▶ [Supplied data]:
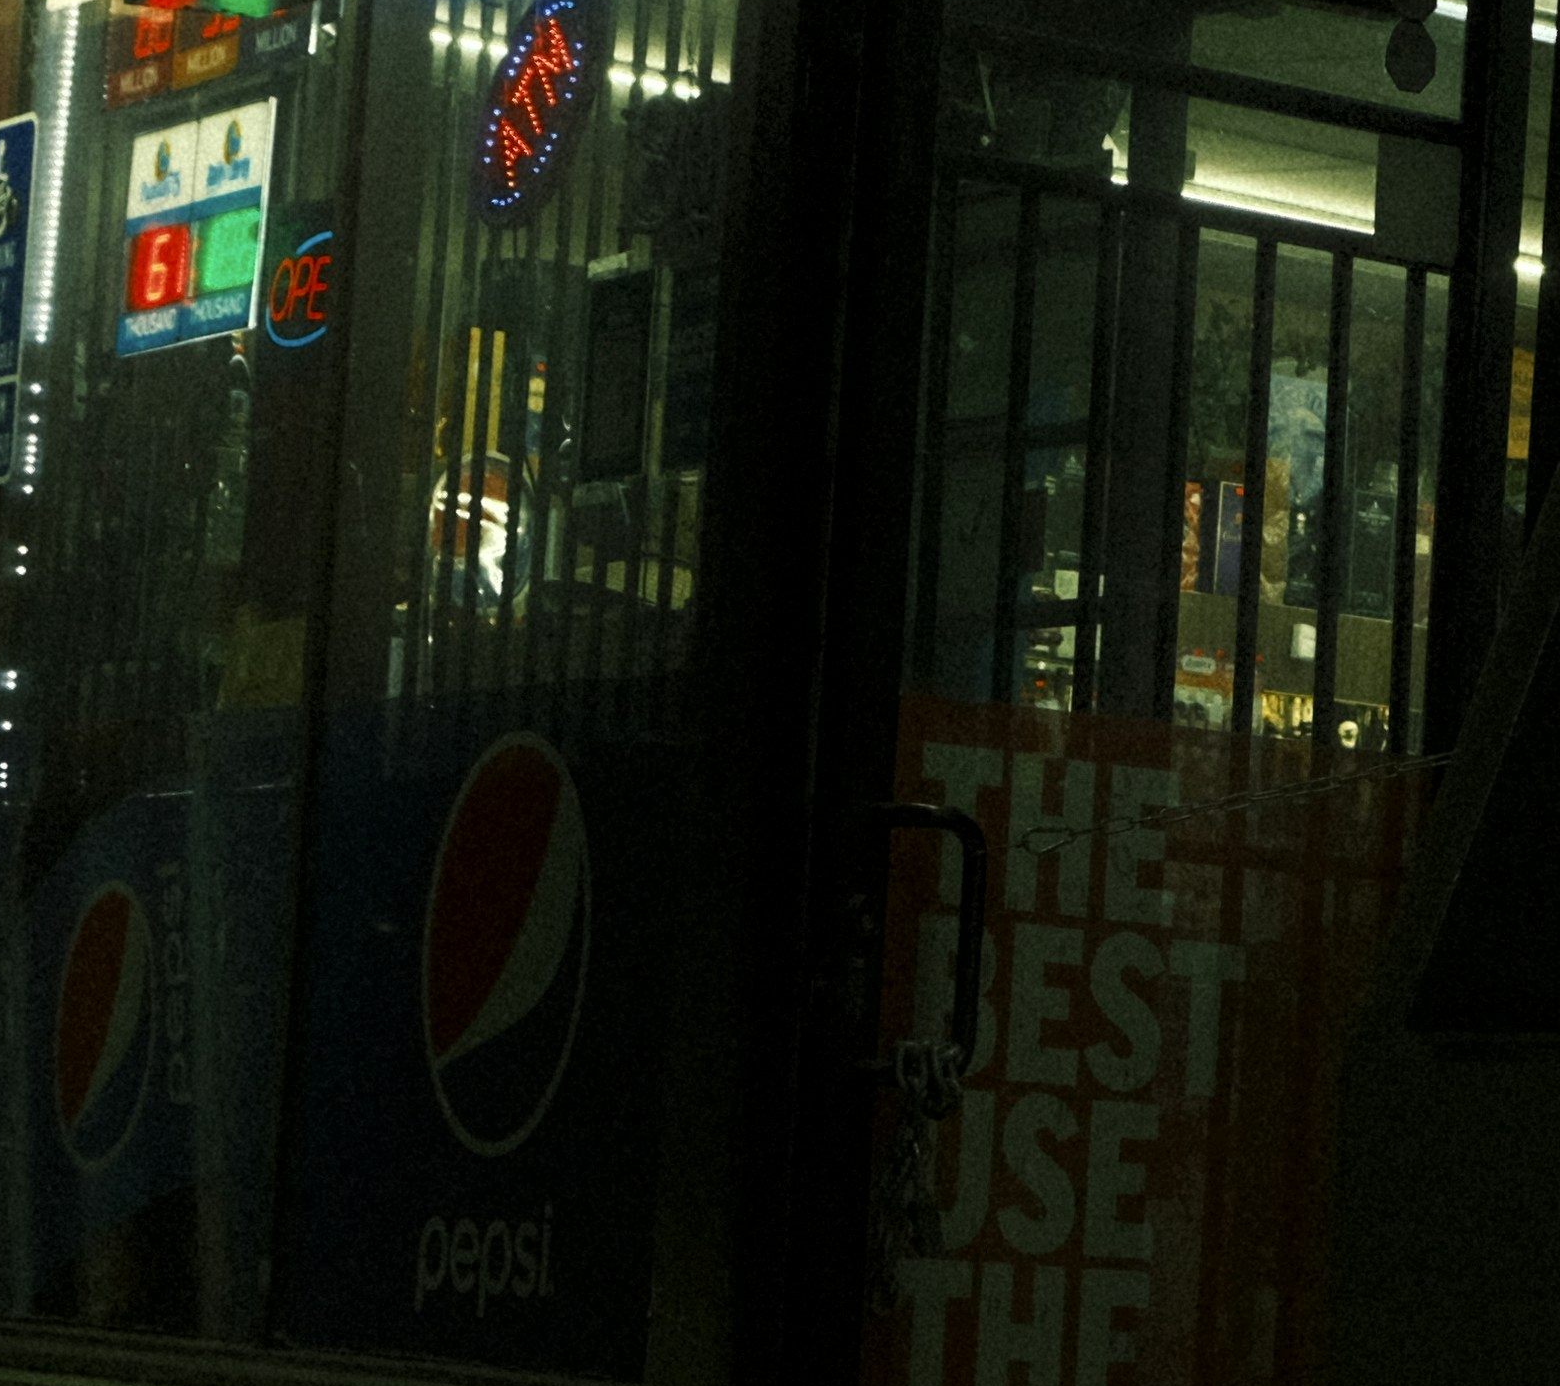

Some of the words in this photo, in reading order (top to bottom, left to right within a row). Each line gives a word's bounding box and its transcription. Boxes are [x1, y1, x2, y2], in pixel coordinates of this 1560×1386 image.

[499, 15, 574, 190] ATM
[268, 254, 333, 323] OPE
[921, 739, 1181, 928] THE
[911, 909, 1248, 1099] BEST
[414, 1199, 556, 1315] pepsi
[929, 1087, 1164, 1263] USE
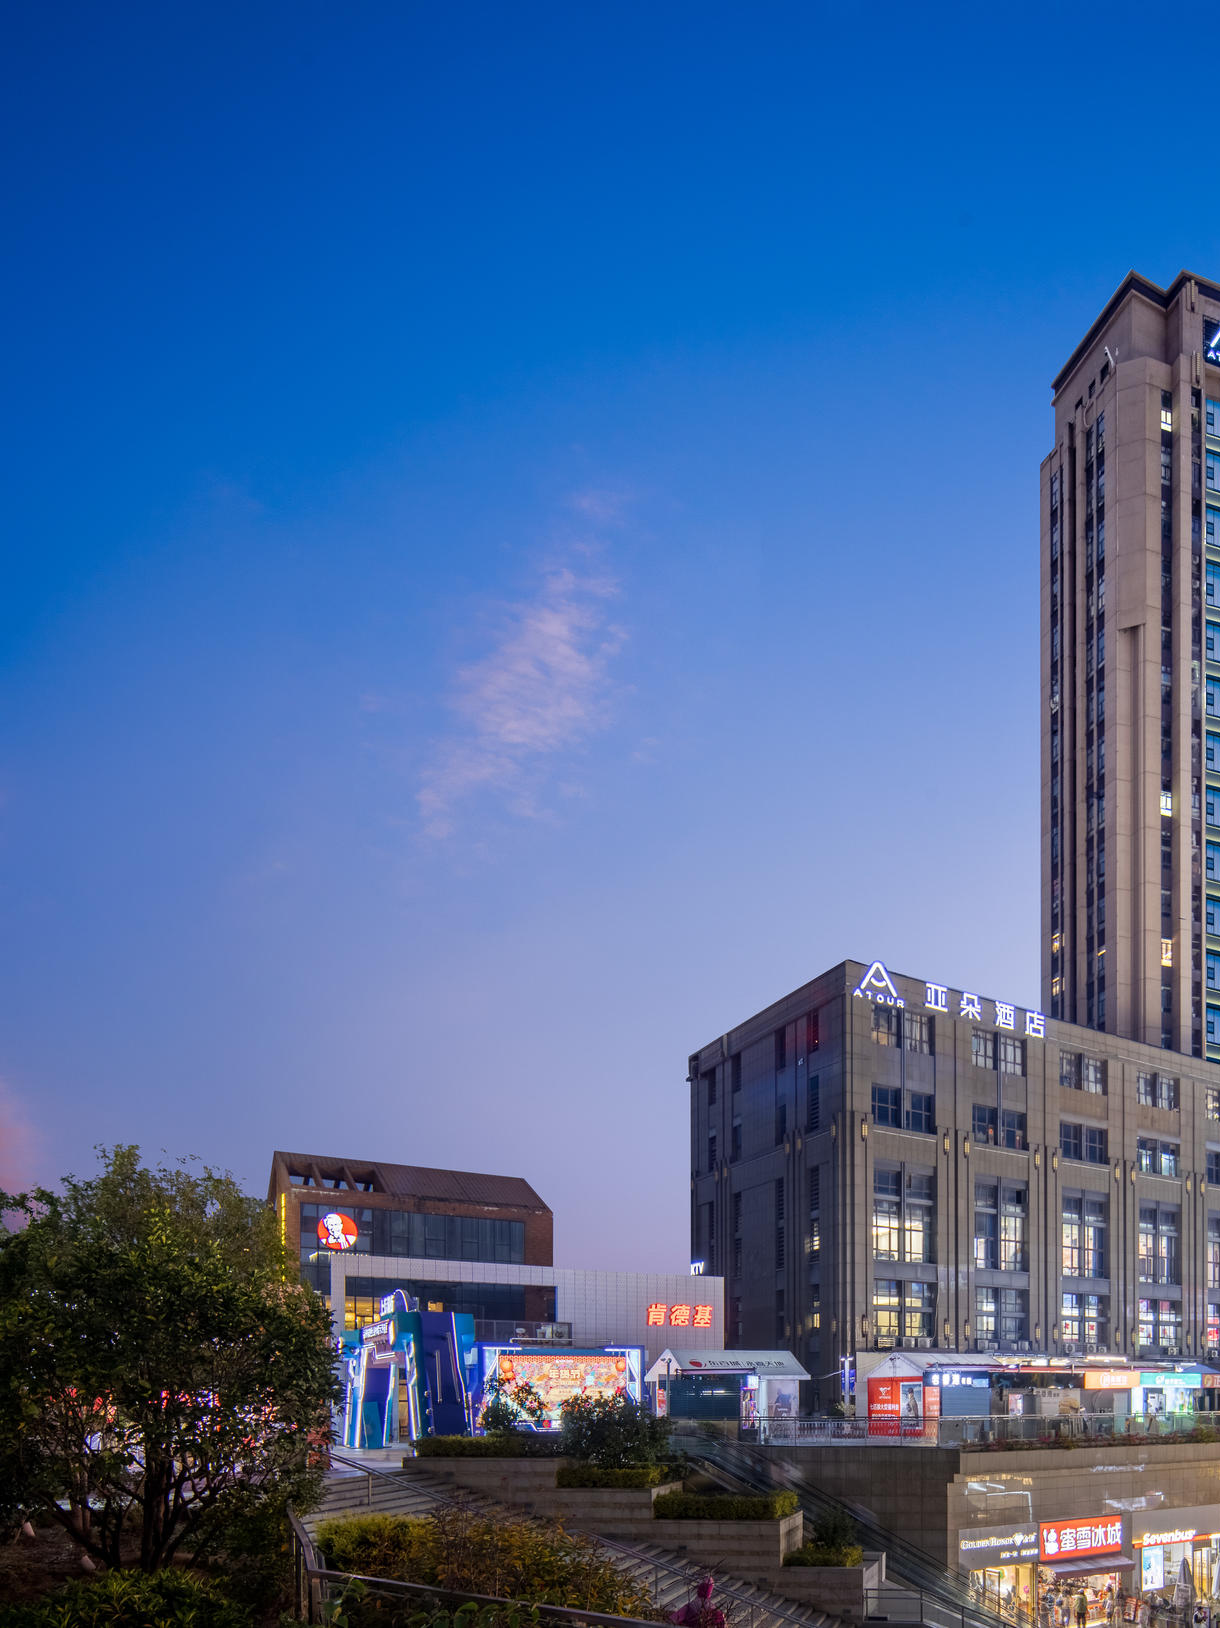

▶ [Exercise]:
Transcribe the records verbatim, excluding pictures.

▶ [Task solution]:
Some of the words in this photo, in reading order (top to bottom, left to right within a row). Each line gives a word's bounding box and its transcription. Boxes are [x1, y1, x2, y2], in pixel coordinates of this 1560×1386 image.

[499, 15, 574, 190] ATM
[268, 254, 333, 323] OPE
[921, 739, 1181, 928] THE
[911, 909, 1248, 1099] BEST
[414, 1199, 556, 1315] pepsi
[929, 1087, 1164, 1263] USE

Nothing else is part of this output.